◆ **Data provided**
---+---

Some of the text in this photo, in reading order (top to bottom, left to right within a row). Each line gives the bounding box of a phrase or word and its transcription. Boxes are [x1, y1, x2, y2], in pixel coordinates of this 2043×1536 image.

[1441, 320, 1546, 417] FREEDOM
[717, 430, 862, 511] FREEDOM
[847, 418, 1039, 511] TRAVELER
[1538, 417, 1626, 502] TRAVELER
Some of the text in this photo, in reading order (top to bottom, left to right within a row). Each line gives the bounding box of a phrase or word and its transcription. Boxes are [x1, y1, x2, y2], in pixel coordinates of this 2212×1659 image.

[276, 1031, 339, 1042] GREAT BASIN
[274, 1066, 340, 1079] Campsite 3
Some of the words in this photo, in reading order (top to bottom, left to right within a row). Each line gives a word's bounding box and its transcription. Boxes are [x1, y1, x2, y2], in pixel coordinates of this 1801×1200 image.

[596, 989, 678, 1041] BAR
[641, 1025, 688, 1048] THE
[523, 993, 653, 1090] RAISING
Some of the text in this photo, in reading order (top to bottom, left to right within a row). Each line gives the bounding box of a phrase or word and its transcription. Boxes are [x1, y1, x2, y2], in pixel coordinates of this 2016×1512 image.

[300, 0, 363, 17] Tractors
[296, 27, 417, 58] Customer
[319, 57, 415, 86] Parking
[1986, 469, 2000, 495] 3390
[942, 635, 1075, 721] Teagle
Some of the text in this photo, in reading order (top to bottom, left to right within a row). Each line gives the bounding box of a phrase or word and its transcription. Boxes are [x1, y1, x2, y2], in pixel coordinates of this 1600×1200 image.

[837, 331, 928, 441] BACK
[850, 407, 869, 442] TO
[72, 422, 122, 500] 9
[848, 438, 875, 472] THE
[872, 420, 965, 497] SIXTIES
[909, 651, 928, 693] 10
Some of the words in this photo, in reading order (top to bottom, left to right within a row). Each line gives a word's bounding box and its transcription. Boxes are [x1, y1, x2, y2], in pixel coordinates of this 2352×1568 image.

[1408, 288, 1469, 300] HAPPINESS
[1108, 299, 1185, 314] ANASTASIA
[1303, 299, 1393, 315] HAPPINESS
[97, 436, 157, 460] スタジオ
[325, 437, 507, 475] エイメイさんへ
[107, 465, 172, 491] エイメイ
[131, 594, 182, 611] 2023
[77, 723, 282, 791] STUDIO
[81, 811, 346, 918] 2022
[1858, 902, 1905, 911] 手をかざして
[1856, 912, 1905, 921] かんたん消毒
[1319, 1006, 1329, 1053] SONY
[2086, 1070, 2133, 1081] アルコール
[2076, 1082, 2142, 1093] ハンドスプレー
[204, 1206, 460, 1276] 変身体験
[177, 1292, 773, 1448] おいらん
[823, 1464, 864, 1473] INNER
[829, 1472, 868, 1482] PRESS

---+---

◆ **Instructions to follow**
Write out all the data exactly.

◆ **Answer space**
Some of the text in this photo, in reading order (top to bottom, left to right within a row). Each line gives the bounding box of a phrase or word and its transcription. Boxes are [x1, y1, x2, y2], in pixel coordinates of this 2043×1536 image.

[1441, 320, 1546, 417] FREEDOM
[717, 430, 862, 511] FREEDOM
[847, 418, 1039, 511] TRAVELER
[1538, 417, 1626, 502] TRAVELER
Some of the text in this photo, in reading order (top to bottom, left to right within a row). Each line gives the bounding box of a phrase or word and its transcription. Boxes are [x1, y1, x2, y2], in pixel coordinates of this 2212×1659 image.

[276, 1031, 339, 1042] GREAT BASIN
[274, 1066, 340, 1079] Campsite 3
Some of the words in this photo, in reading order (top to bottom, left to right within a row). Each line gives a word's bounding box and its transcription. Boxes are [x1, y1, x2, y2], in pixel coordinates of this 1801×1200 image.

[596, 989, 678, 1041] BAR
[641, 1025, 688, 1048] THE
[523, 993, 653, 1090] RAISING
Some of the text in this photo, in reading order (top to bottom, left to right within a row). Each line gives the bounding box of a phrase or word and its transcription. Boxes are [x1, y1, x2, y2], in pixel coordinates of this 2016×1512 image.

[300, 0, 363, 17] Tractors
[296, 27, 417, 58] Customer
[319, 57, 415, 86] Parking
[1986, 469, 2000, 495] 3390
[942, 635, 1075, 721] Teagle
Some of the text in this photo, in reading order (top to bottom, left to right within a row). Each line gives the bounding box of a phrase or word and its transcription. Boxes are [x1, y1, x2, y2], in pixel coordinates of this 1600×1200 image.

[837, 331, 928, 441] BACK
[850, 407, 869, 442] TO
[72, 422, 122, 500] 9
[848, 438, 875, 472] THE
[872, 420, 965, 497] SIXTIES
[909, 651, 928, 693] 10
Some of the words in this photo, in reading order (top to bottom, left to right within a row). Each line gives a word's bounding box and its transcription. Boxes are [x1, y1, x2, y2], in pixel coordinates of this 2352×1568 image.

[1408, 288, 1469, 300] HAPPINESS
[1108, 299, 1185, 314] ANASTASIA
[1303, 299, 1393, 315] HAPPINESS
[97, 436, 157, 460] スタジオ
[325, 437, 507, 475] エイメイさんへ
[107, 465, 172, 491] エイメイ
[131, 594, 182, 611] 2023
[77, 723, 282, 791] STUDIO
[81, 811, 346, 918] 2022
[1858, 902, 1905, 911] 手をかざして
[1856, 912, 1905, 921] かんたん消毒
[1319, 1006, 1329, 1053] SONY
[2086, 1070, 2133, 1081] アルコール
[2076, 1082, 2142, 1093] ハンドスプレー
[204, 1206, 460, 1276] 変身体験
[177, 1292, 773, 1448] おいらん
[823, 1464, 864, 1473] INNER
[829, 1472, 868, 1482] PRESS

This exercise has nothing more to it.